Abstract P160: C1q/TNF-related Protein 1 Induces Obesity-related Hypertension In Mice Via Renal Na+ Retention In The Proximal Tubules

Abstract

A recently identified adipokine C1q/TNF-related protein 1 (CTRP1) displayed a potent beneficial effect in managing metabolic disorders during type 2 diabetes and obesity. However, little is known about a potential role of CTRP1 in regulation of renal function and blood pressure (BP) in the context of obesity. Therefore, the present study aimed to determine the effect of a recombinant CTRP1 protein (termed CTRP1-His) on blood pressure in mice with diet-induced obesity (DIO). 8-mo-old male C57/B6 mice were fed a high-fat diet (60 Kcal% fat) for eight weeks and were infused with vehicle or CTRP1-His (10 ng/min/kg) via subcutaneously implanted osmotic minipump for the last seven days. BP parameters were recorded using telemetry devices. Consistent with other groups’ studies, mice infused with CTRP1-His exhibited remarkably improved multiple metabolic parameters, including hyperglycemia and hyperinsulinemia. Compared to the vehicle group, BP responses to CTRP1-His treatment developed a modest but significant increase in BP (MAP on day 7 [mmHg]: 122.3 ± 2.2 vs. 109 ± 1.73, n = 3 per each group, p < 0.01) accompanied with decreased hematocrit (Hct [%]: 43.8 ± 1.3 vs. 49 ± 1.2 %, p < 0.05), an index of plasma volume expansion. The DIO mice infused with CTRP1-His demonstrated a reduced urinary sodium excretion (U Na /Creatinine [mmol/mg]: 0.17 ± 0.04 vs. 0.27 ± 0.06, p = 0.07). By immunoblotting CTRP1-His infusion induced significant upregulation of renal abundances of p-NHE3, V2R, and AQP2 but suppressed obesity-induced renal abundances of p-NCC/NCC, p-NKCC2/NKCC2, and cleaved α-ENaC protein.

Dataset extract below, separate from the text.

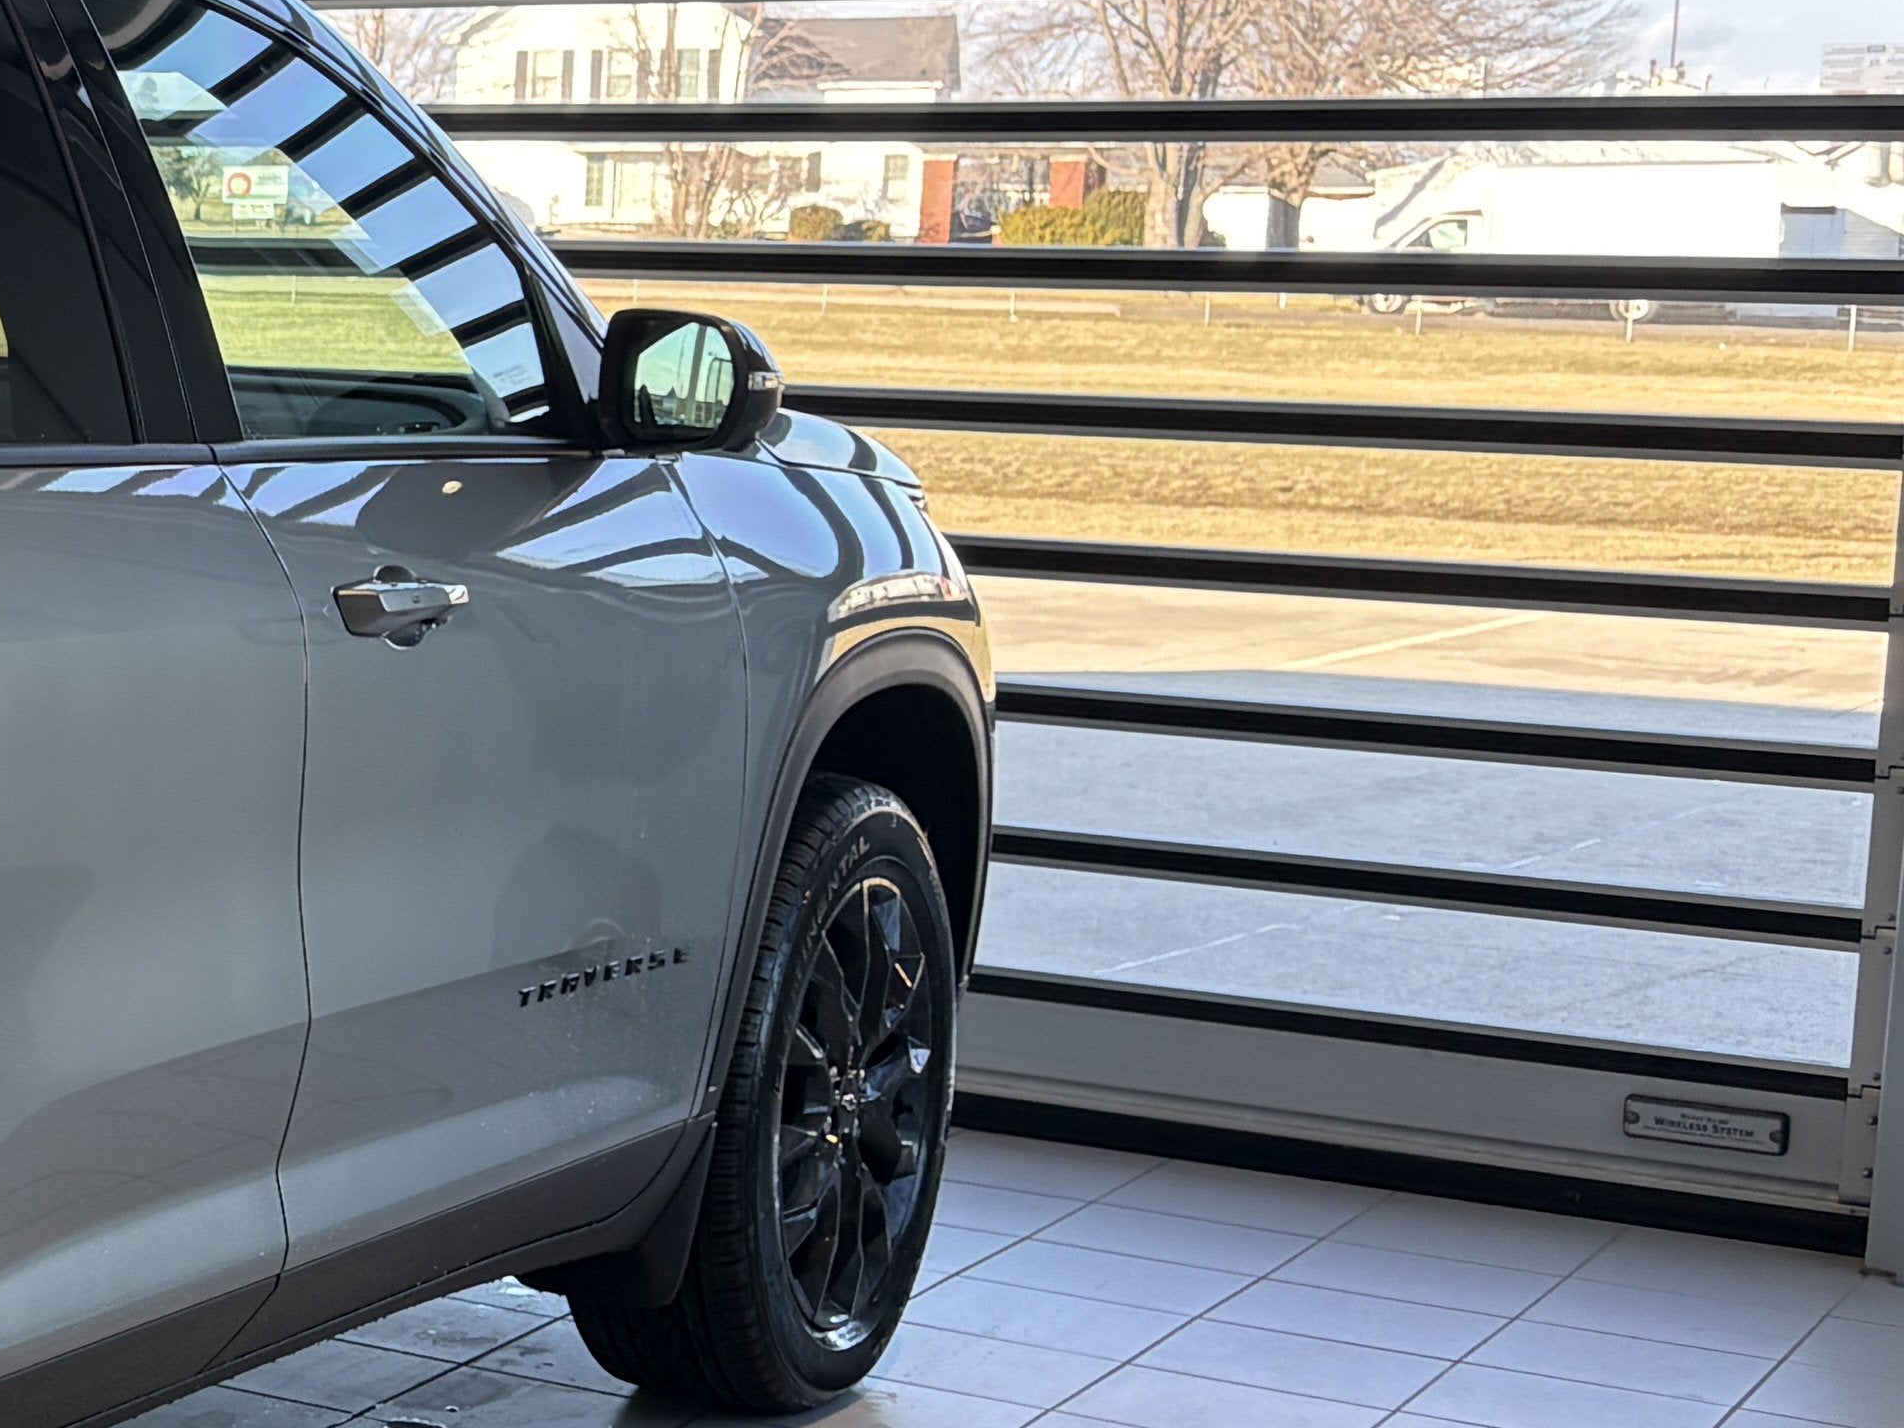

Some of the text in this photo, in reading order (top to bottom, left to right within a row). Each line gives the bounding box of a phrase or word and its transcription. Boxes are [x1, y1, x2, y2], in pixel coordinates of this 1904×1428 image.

[518, 947, 690, 1007] TRAVERSE
[1653, 1115, 1708, 1133] WIRELESS
[1712, 1123, 1755, 1138] SYSTEM

Interestingly, CTRP1-His infusion tends to decrease albuminuria (urine albumin/Creatinine [mg/g]: 78.8 ± 7.7 vs. 120.5 ± 14, p = 0.07) in the DIO mice. Overall, our results indicated that CTRP1-His exerted a pressor effect in DIO mice via stimulating sodium-water retention through activation of NHE3 and AQP2 associated with compensatory attenuation of Na+ transporters in the distal nephron.